Mentre in Italia nasce una prima filiera industriale dell’auto elettrica — ancora debole a confronto con i concorrenti francesi, tedeschi o cinesi — con una specializzazione più mirata ai segmenti sportivi e della motocicletta di fascia alta, comincia a fatica a convertirsi alla nuova industria tutto il settore della motor valley che va dall’Emilia fino alla Romagna e al Pesarese.

Secondo il rapporto Greenitaly che Symbola ha presentato a metà ottobre, «in Italia, la produzione di auto elettriche e ibride, che nel 2019 rappresentava solo lo 0,1%, nel 2020 è salita al 17,2%, mentre nel primo trimestre 2021 è arrivata al 39,5%».

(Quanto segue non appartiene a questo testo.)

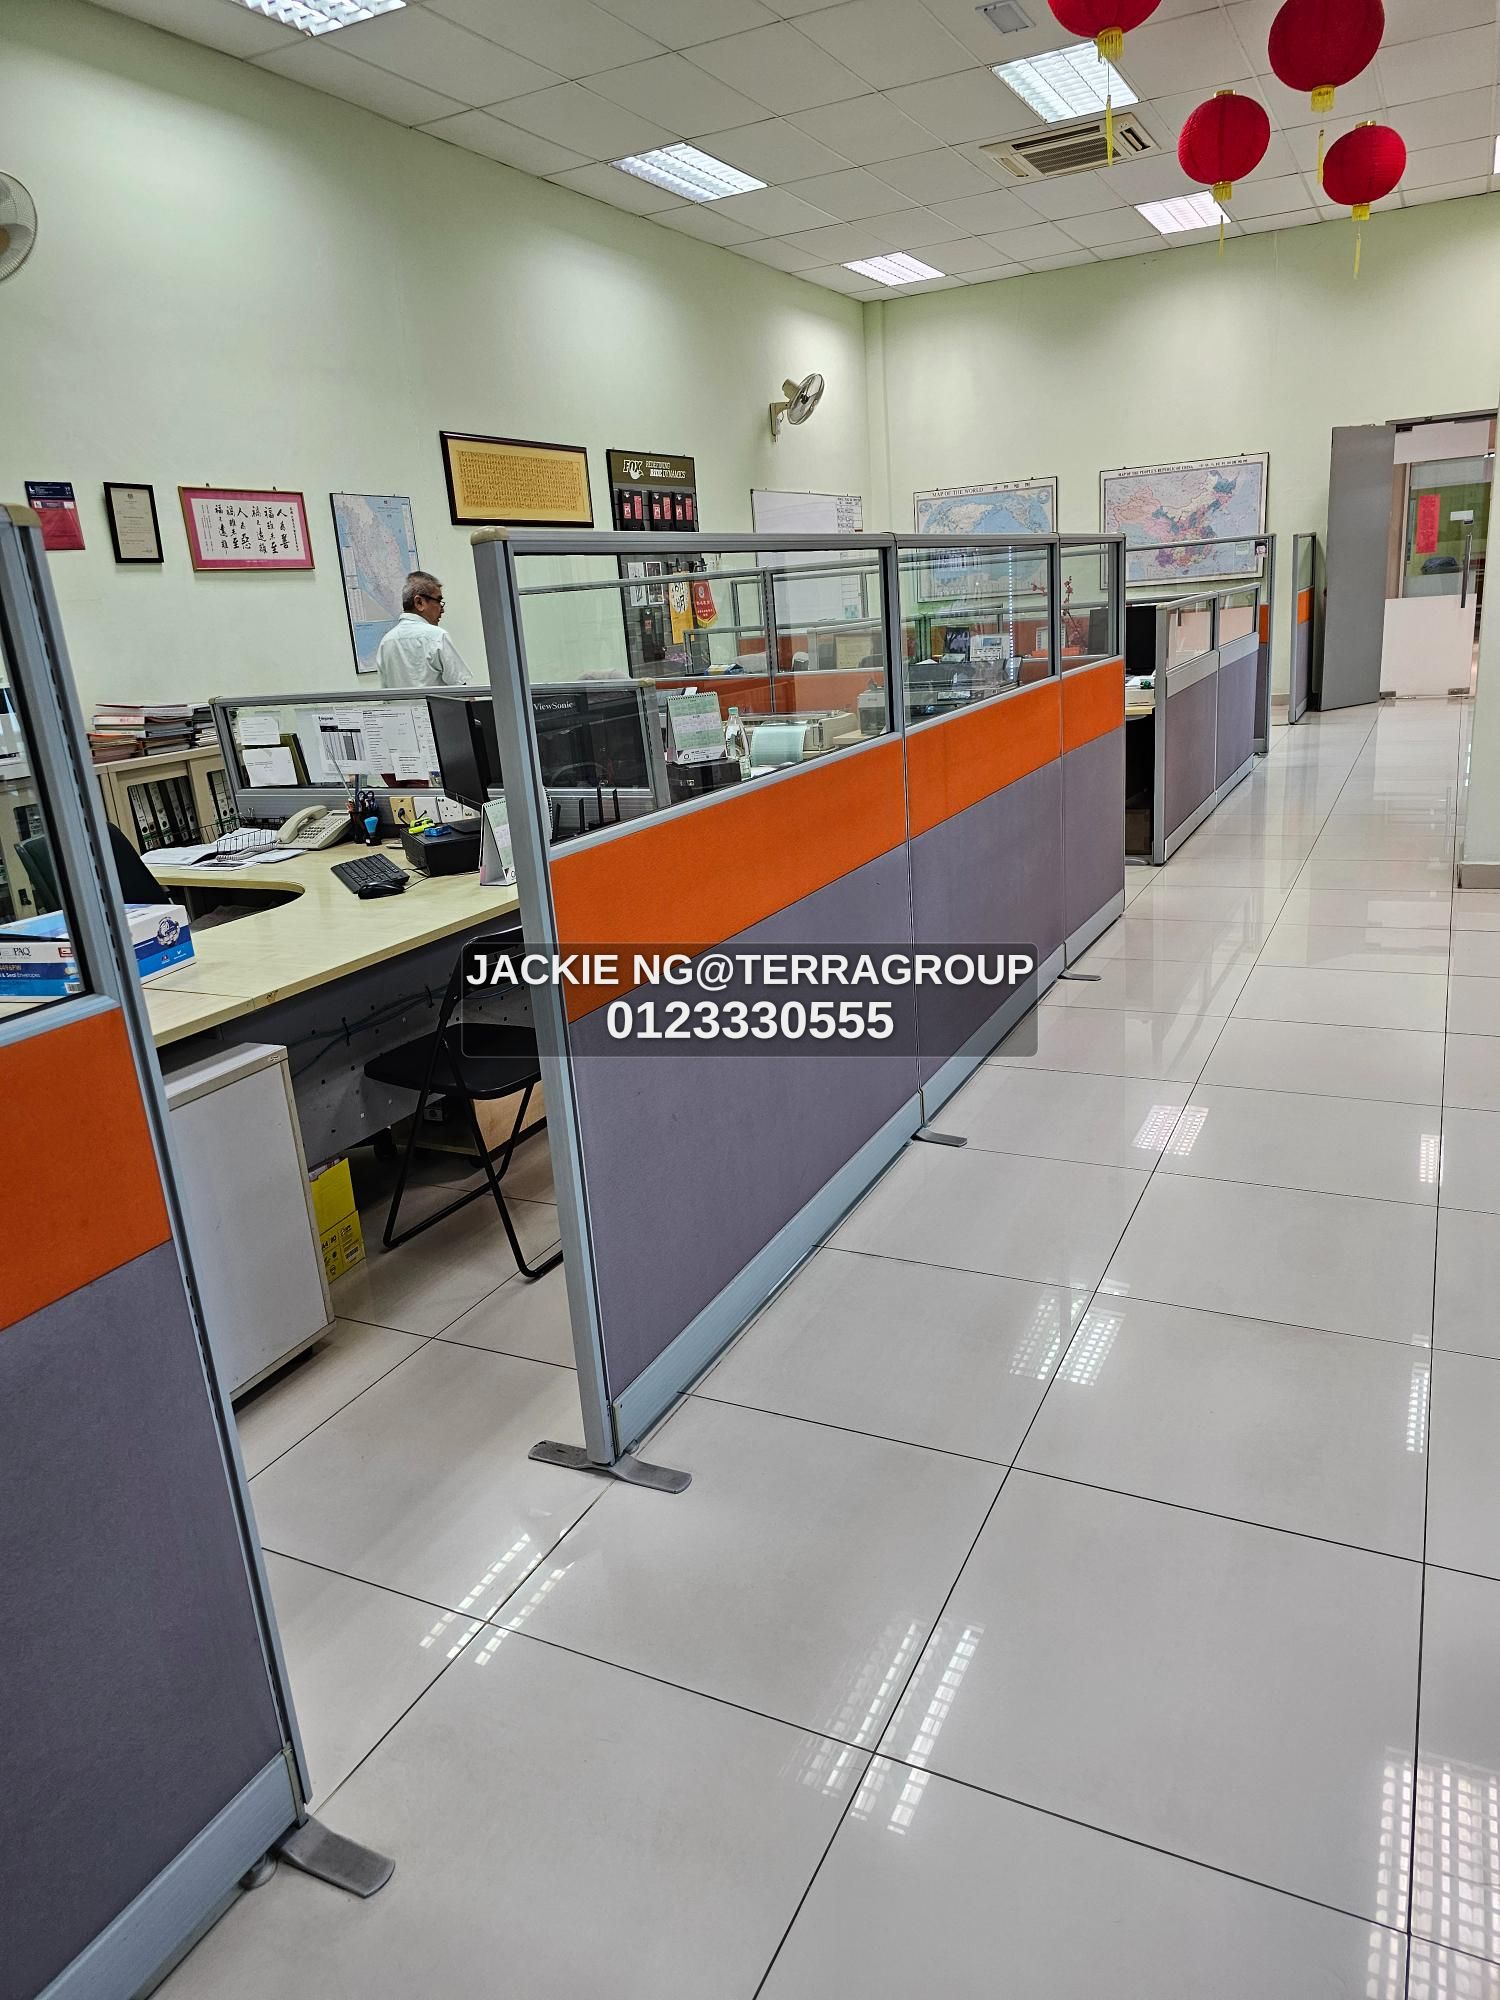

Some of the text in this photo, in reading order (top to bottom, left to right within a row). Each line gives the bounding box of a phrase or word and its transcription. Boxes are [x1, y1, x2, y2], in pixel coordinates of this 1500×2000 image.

[623, 459, 643, 475] FOX
[533, 700, 574, 710] ViewSonic
[13, 947, 32, 956] PAQ
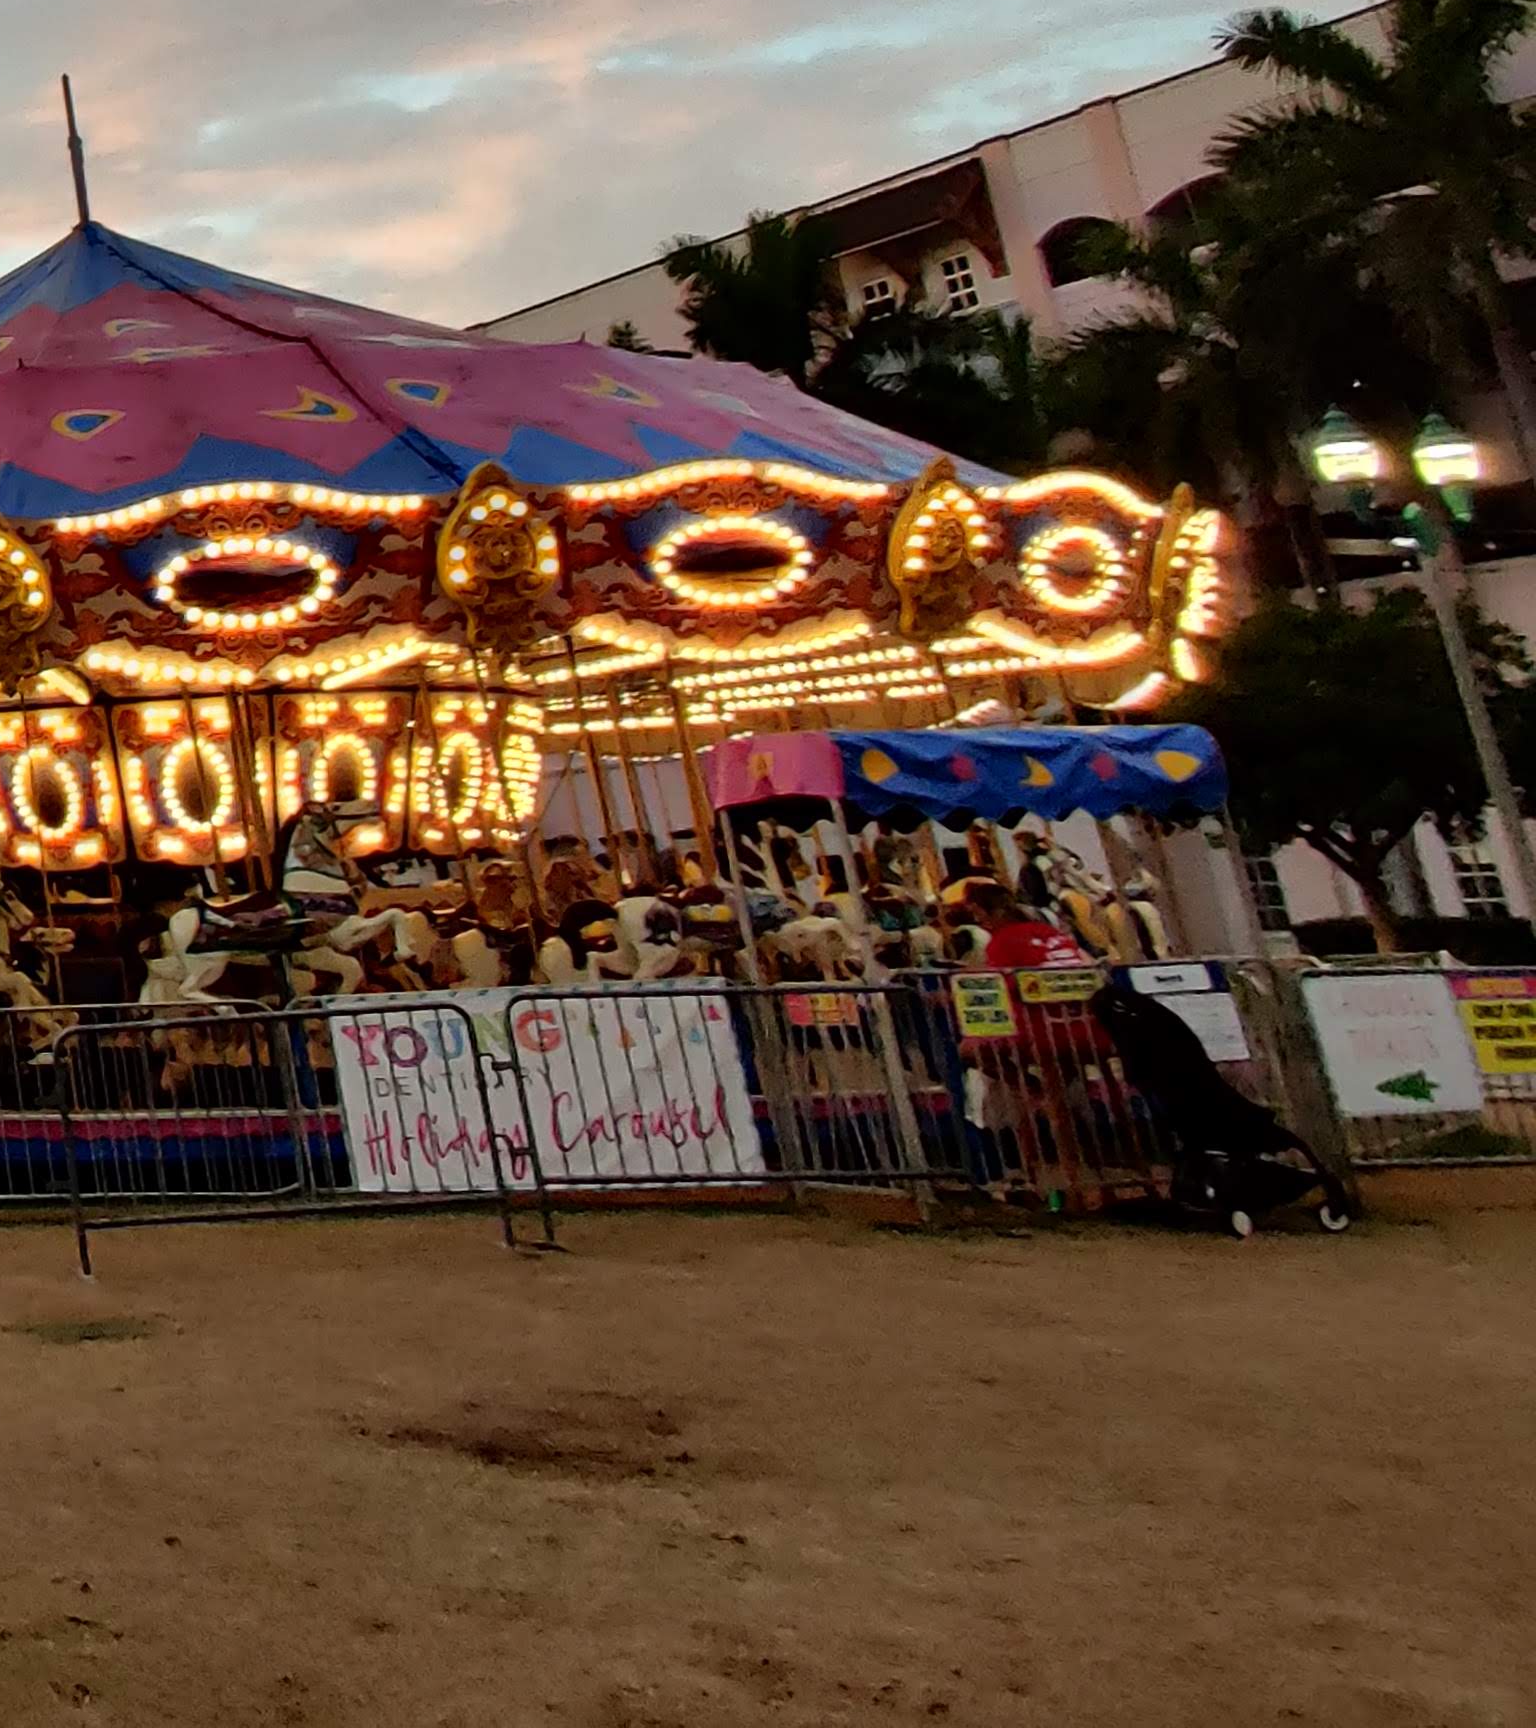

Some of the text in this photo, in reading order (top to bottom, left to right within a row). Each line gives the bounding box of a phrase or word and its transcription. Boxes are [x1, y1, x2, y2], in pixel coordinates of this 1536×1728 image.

Intanto si pensa all’elettrificazione dei porti. Più facile elettrificare in modo standardizzato le marine turistiche, dove i motori elettrici sono ideali per i battelli di servizio portuale (l’ormeggio) o per la manovra delle barche a vela, ma i porti industriali e commerciali faticano a trovare potenze e standard comuni per tutte le tipologie di navi.

La Rolls Royce ha appena provato con successo soluzioni elettriche per le turbine d’aereo, ma il peso e l’efficienza delle batterie sono un limite all’adozione del motore elettrico nel volo a medio e lungo raggio; quindi si punta a sostituire i carburanti, non la tipologia di motori.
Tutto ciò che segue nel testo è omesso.